Task goal: Each entry below must be given again word for word, with no pictures.

Material for this task:
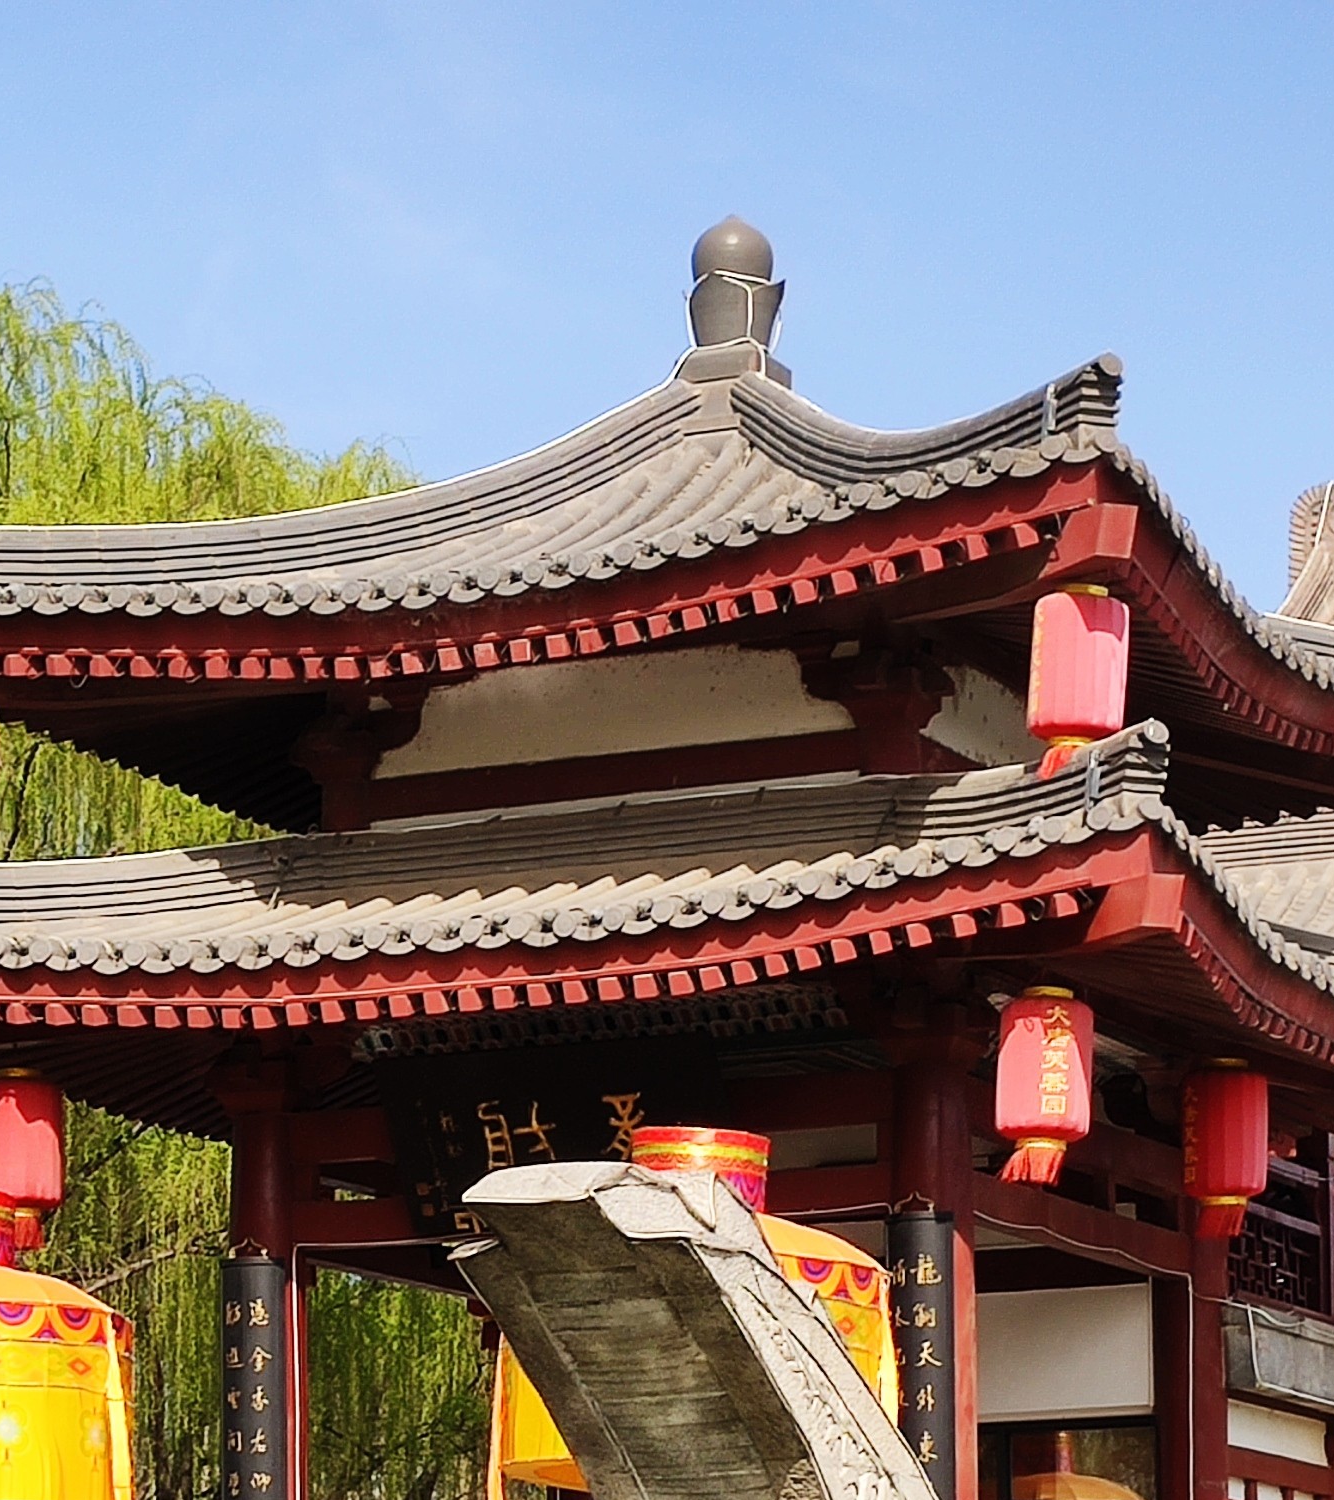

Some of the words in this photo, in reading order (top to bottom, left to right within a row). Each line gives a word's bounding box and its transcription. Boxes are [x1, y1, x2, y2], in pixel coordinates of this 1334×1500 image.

[1039, 1005, 1072, 1115] 大唐芙蓉园
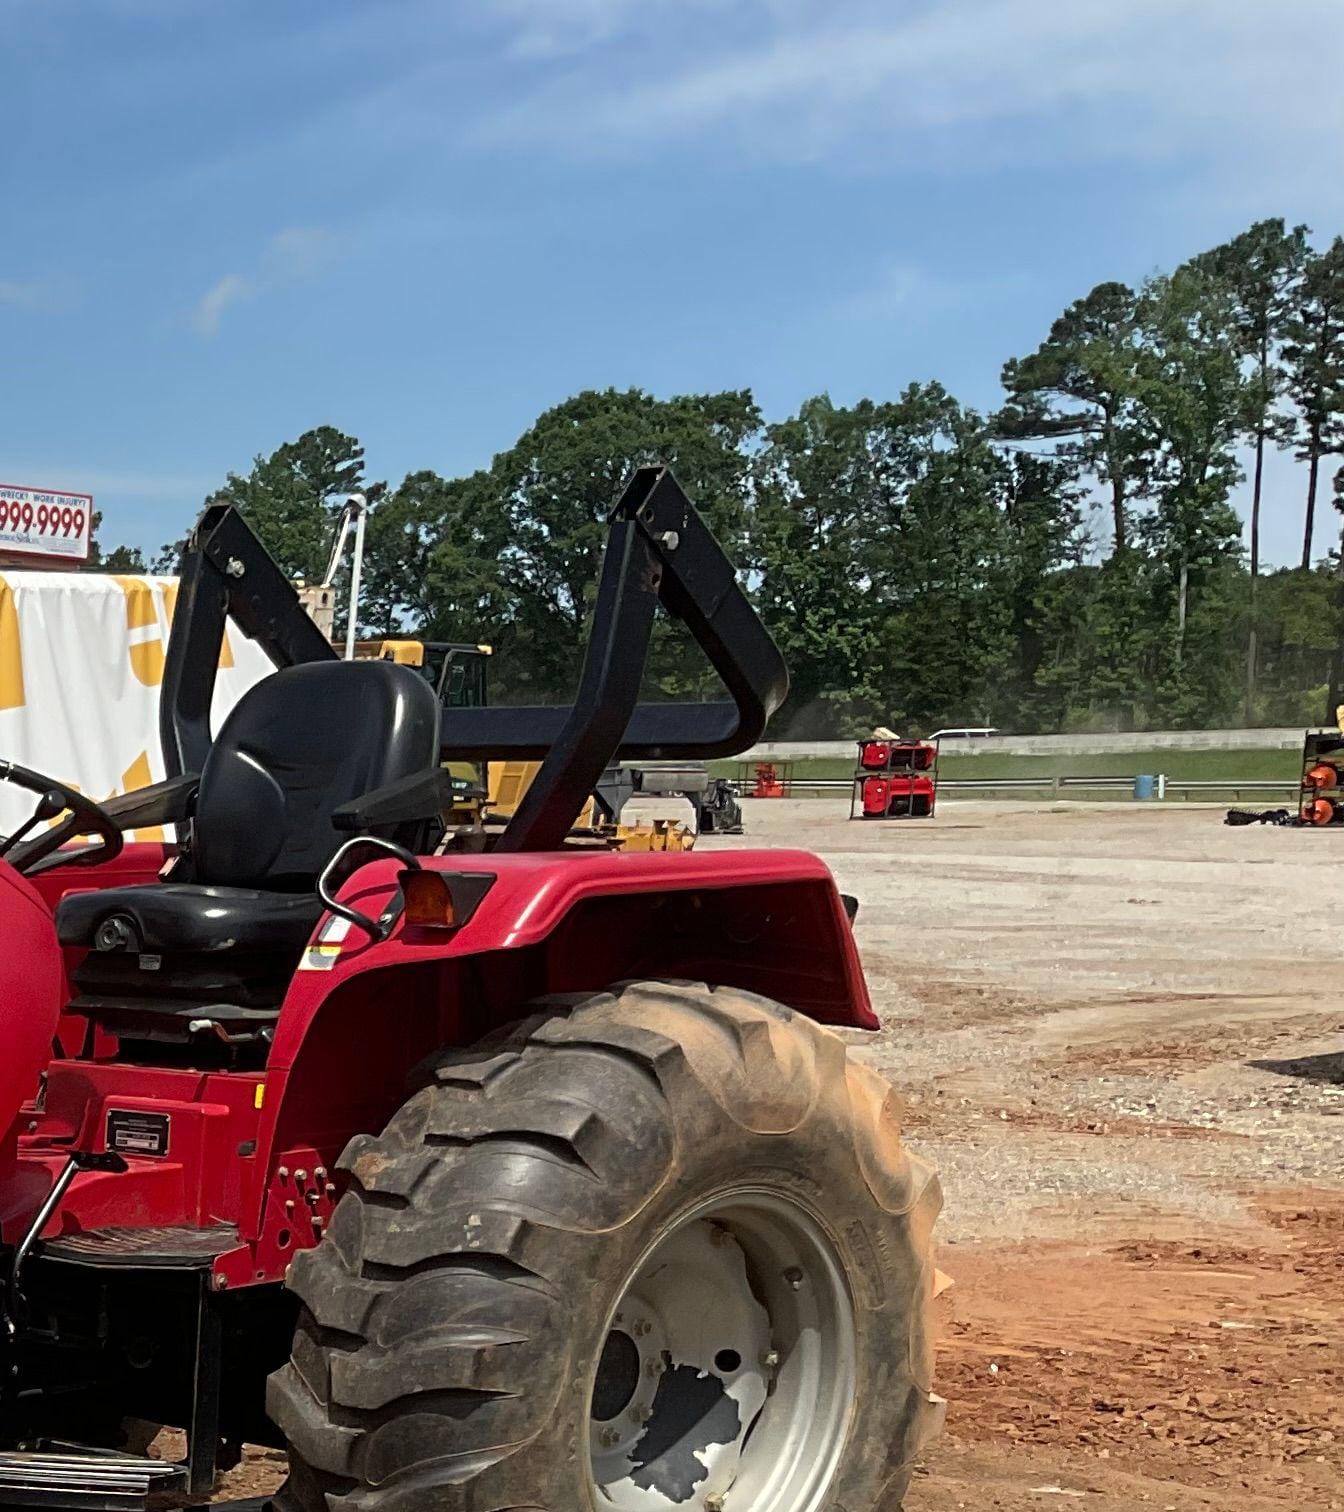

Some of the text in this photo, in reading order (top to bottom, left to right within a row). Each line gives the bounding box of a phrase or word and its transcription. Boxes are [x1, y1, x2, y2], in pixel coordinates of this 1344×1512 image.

[0, 490, 29, 500] WRECK?
[33, 493, 55, 504] WORK
[57, 496, 87, 508] INJURY?
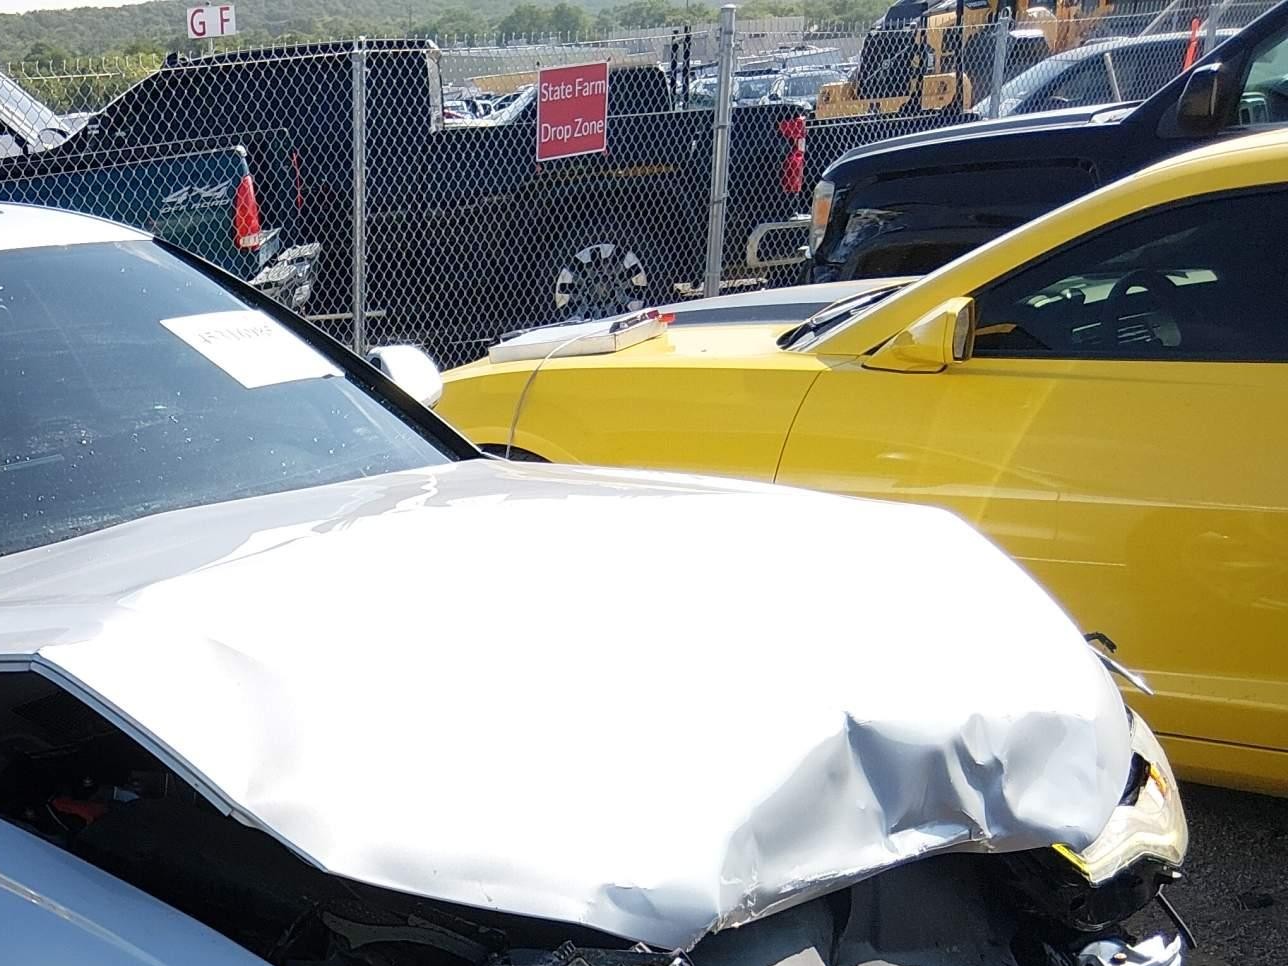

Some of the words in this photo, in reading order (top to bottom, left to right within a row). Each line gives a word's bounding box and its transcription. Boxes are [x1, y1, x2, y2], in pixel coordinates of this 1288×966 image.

Problem solution:
Some of the words in this photo, in reading order (top to bottom, left to right within a row). Each line gives a word's bounding box and its transcription. Boxes are [x1, y1, x2, y2], in pixel coordinates of this 1334×1500 image.

[1039, 1005, 1072, 1115] 大唐芙蓉园

Some of the text in this photo, in reading order (top to bottom, left to right within a row). Each line gives the bounding box of a phrase or word and its transcription. Boxes are [x1, y1, x2, y2], in pixel coordinates of this 1344×1512 image.

[0, 490, 29, 500] WRECK?
[33, 493, 55, 504] WORK
[57, 496, 87, 508] INJURY?

Some of the words in this photo, in reading order (top to bottom, left to right within a row). Each line gives a word's bounding box and its transcription. Boxes are [x1, y1, x2, y2], in pixel coordinates of this 1288×966 image.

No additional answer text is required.